Page 1 of 1

Resolving Special characters in XML

Posted: Thu Aug 11, 2011 1:03 pm
by parag.s.27
We are facing an issue with special characters coming in XML message. For e.g. "&","<",">" etc. Now these special characters are automatically handle by DataStage for all the elements except the "repeating elements".

I could figure out that issue is happening because of the way repeating elements are created. We did use a transformer to hardcode the XML namespace as a text and later convert it in XML stage by specifying the DATA ELEMENT as "XML". The example is mentioned below: -

we had to provide an XML message on MQ where one particular Address section should look like following: -

Code: Select all

<ns5:Address>
  <ns4:Line>1500 SCENIC DR</ns4:Line> 
  <ns4:Line>CROSSROADS & AVE</ns4:Line> 
  <ns4:Line>NEAR OLD CHURCH</ns4:Line> 
  <ns4:Line /> 
</ns5:Address>
The point here is a repeating element of "Line". For Address Line1, 2, 3, 4. I could produce such result by using a Transformer prior to XML stage and concatenated all address elements along with Name Space like : -

Code: Select all

'<ns4:Line>':Addre Line 1:'</ns4:Line>':'<ns4:Line>':Addre Line 2:'</ns4:Line>':'<ns4:Line>':Addre Line 3:'</ns4:Line>':'<ns4:Line>':Addre Line 4:'</ns4:Line>'.
To Summarize, the special characters are not handled by XML Output stage if a XML element is constructed as text and later converted to XML using DATA ELEMENT as XML.

This can be resolved by sending all address lines as it is from one XML stage and then, just before second XML stage the transformer should be used with Field function to extract handled value between the tags (<addrline1>........)and constructing the repeating element again.

But this is only possible if number of repeating elements are less, we have a job where there are 32 different repeating elements.
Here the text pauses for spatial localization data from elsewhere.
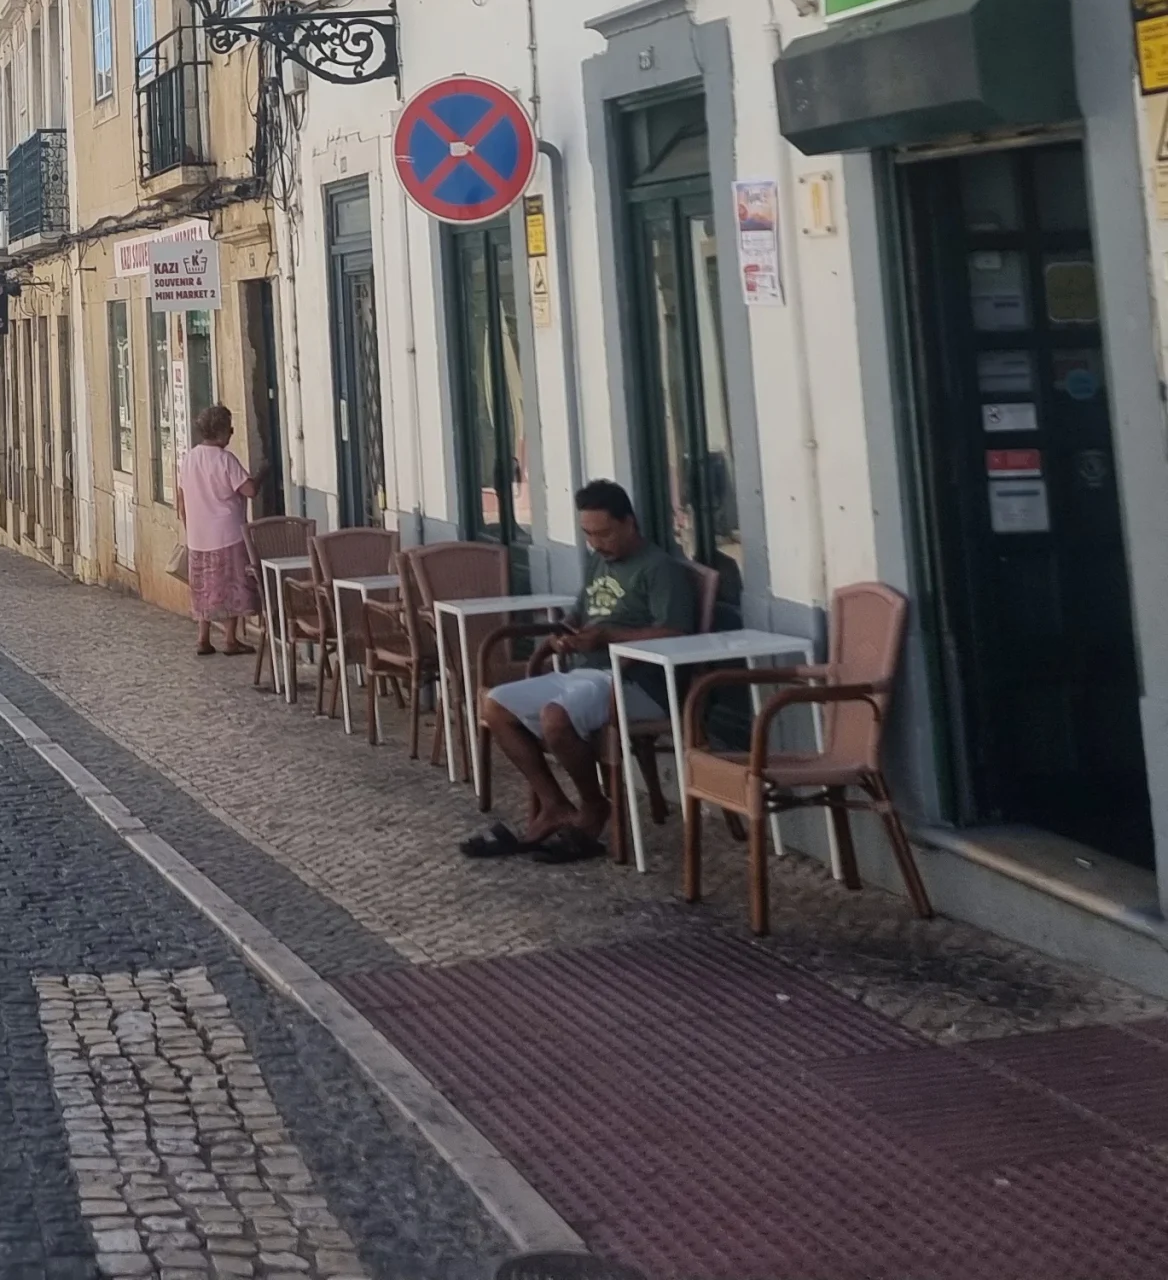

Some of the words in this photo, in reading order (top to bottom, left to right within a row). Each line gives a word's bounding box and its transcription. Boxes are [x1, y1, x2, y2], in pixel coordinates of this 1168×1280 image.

[192, 255, 199, 266] K
[154, 263, 179, 274] KAZI
[154, 278, 194, 287] SOUVENIR
[196, 277, 202, 286] &
[155, 291, 174, 300] MINI
[175, 290, 208, 300] MARKET
[210, 290, 215, 298] 2
I wanted to know if there is any robust method using XML stage of something in DataStage to handle all such scenarios.

Posted: Thu Aug 11, 2011 1:58 pm
by chulett
I don't have the time to fully absorb what you need here, but this caught my eye:
We did use a transformer to hardcode the XML namespace as a text and later convert it in XML stage by specifying the DATA ELEMENT as "XML".
Just want to point out that using that data element does not convert anything. You use that to tell the parser that something is already XML and for it to not touch it. FYI.
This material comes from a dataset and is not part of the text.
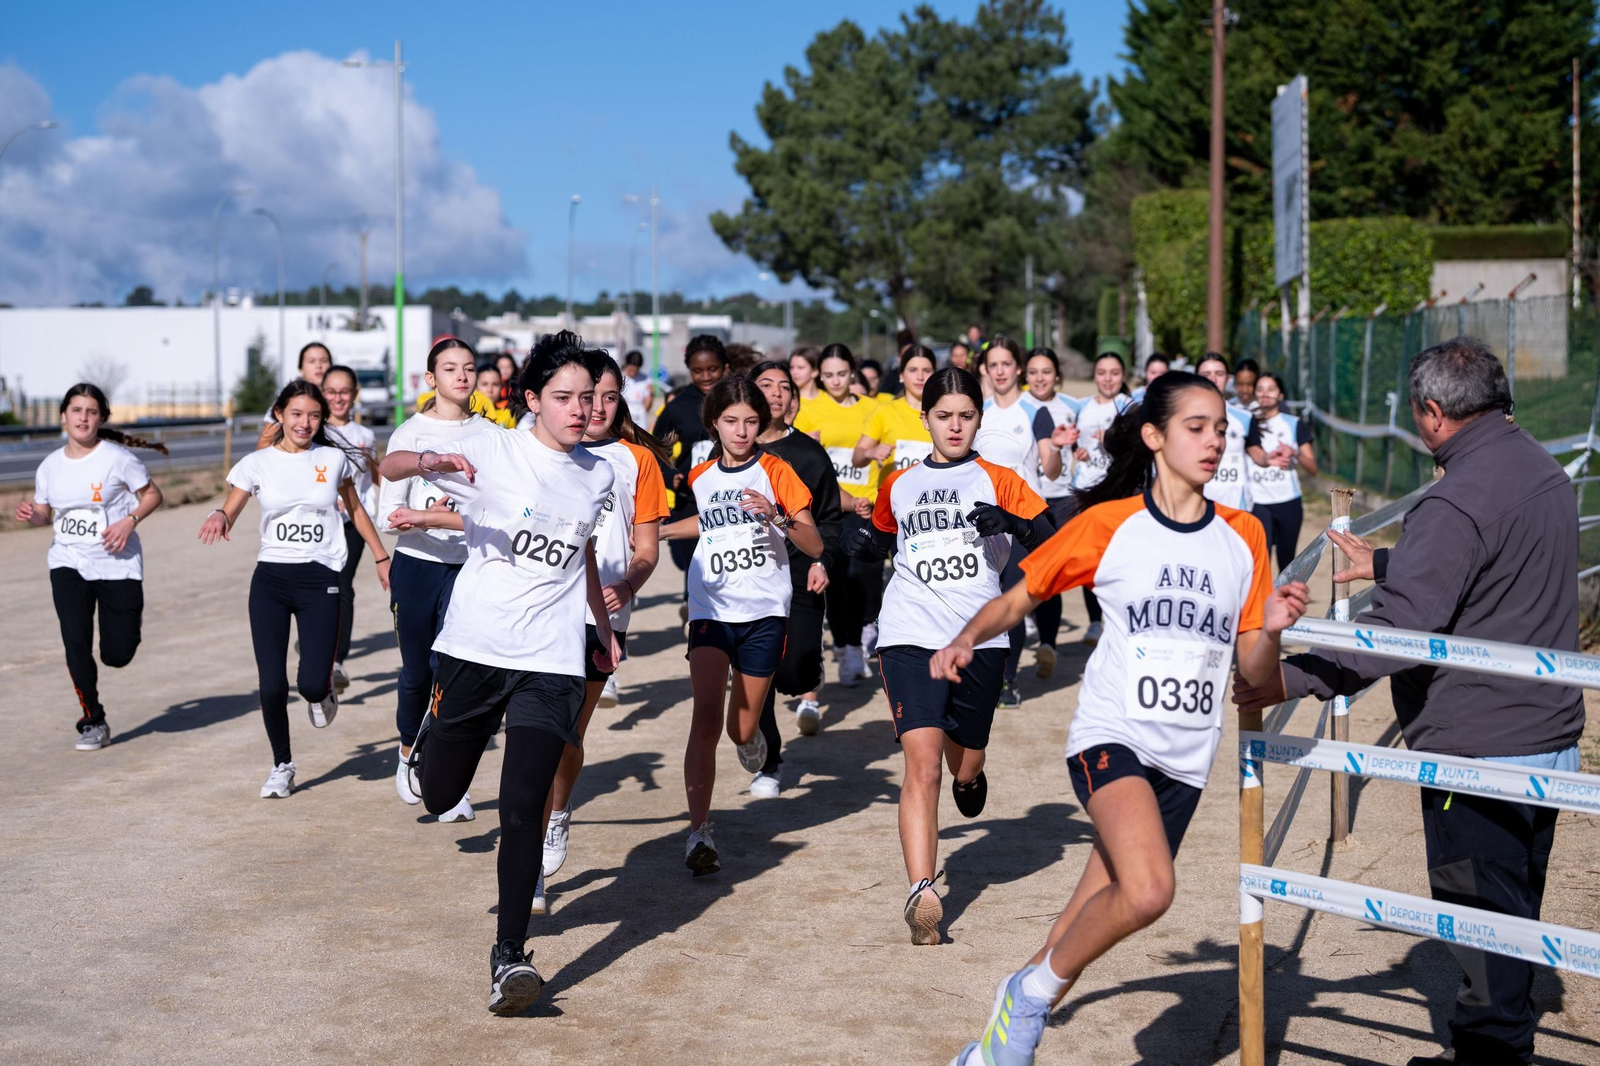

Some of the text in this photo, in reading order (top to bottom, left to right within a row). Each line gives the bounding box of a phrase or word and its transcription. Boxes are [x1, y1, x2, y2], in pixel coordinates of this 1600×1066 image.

Posted: Thu Aug 11, 2011 2:09 pm
by parag.s.27
What I wanted to say is, if Data Element property is set then as you said, DataStage will not handle the Special characters such as &, <, > etc in that element.

Also if I have some repeating elements then I need to perform some transformations in a transformer prior to XML stage to create a repeating node. This transformation is some kind of hardcoding of XML tags which is taken as text by DataStage and hence not handled for special characters.

We needed help on how to tell DataStage, especially XML output stage to handle special characters for above two scenarios

Posted: Thu Aug 11, 2011 2:30 pm
by parag.s.27
Thanks Chulett for your time.

I resolved it in a cleaner way. The Idea is similar to what you said.

Posted: Thu Aug 11, 2011 3:26 pm
by chulett
Can you explain your cleaner way, please?

Posted: Thu Aug 11, 2011 3:36 pm
by parag.s.27
Though I got partial success but I think I'll resolve it further. By partial success I meant that in Internet explorer it is showing the entire element as text(in black color) but on Tibco side it is able to parse it but not completely because I did not send all elements for testing.

I used something like this: -

Code: Select all

'<![CDATA[<ns4:Line>]]>':UpCase(NullToValue(Lnk_ExtExpRole.KDAE_APX_PARS_LN1_AD,'')):'<![CDATA[</ns4:Line>]]>':'<![CDATA[<ns4:Line>]]>':UpCase(NullToValue(Lnk_ExtExpRole.KDAE_APX_PARS_LN2_AD,'')):'<![CDATA[</ns4:Line>]]>':'<![CDATA[<ns4:Line>]]>':UpCase(NullToValue(Lnk_ExtExpRole.KDAE_APX_PARS_LN3_AD,'')):'<![CDATA[</ns4:Line>]]>':'<![CDATA[<ns4:Line>]]>':UpCase(NullToValue(Lnk_ExtExpRole.KDAE_APX_PARS_LN4_AD,'')):'<![CDATA[</ns4:Line>]]>'

Posted: Sun Aug 14, 2011 7:44 pm
by eostic
That was the perfect solution, and "by design". The XML data element is intended for those situations when YOU are taking sole responsibility for building xml -- which has to include escaping any characters that require it.......

Ernie

Posted: Sun Aug 14, 2011 9:02 pm
by parag.s.27
That is so true Ernie. Though I've been working with XML and WSDL in IIS for quite some time now, but every day is a new learning. I am just loving, how you can implement many things in DataStage which are not part of IIS architecture

Extra scenario

Posted: Fri Aug 19, 2011 10:55 am
by pnpmarques
I had a similar situation (special chars) using XML Output Stage. I was trying to put together several elements with varchar columns containing xml code in it.
I thought it would be enough to set Data Element=XML on the OUTPUT link, but I found that it was also necessary to set all columns in the INPUT link with Data Element=XML.

Posted: Sun Aug 21, 2011 4:20 pm
by eostic
As you discovered, the "input" link column grid of the xmlOutput Stage is the real driver of the logic to construct the xml content. It's a bit counterintuitive, but the output link column list is really just the "receiver" of the final created xml.

Ernie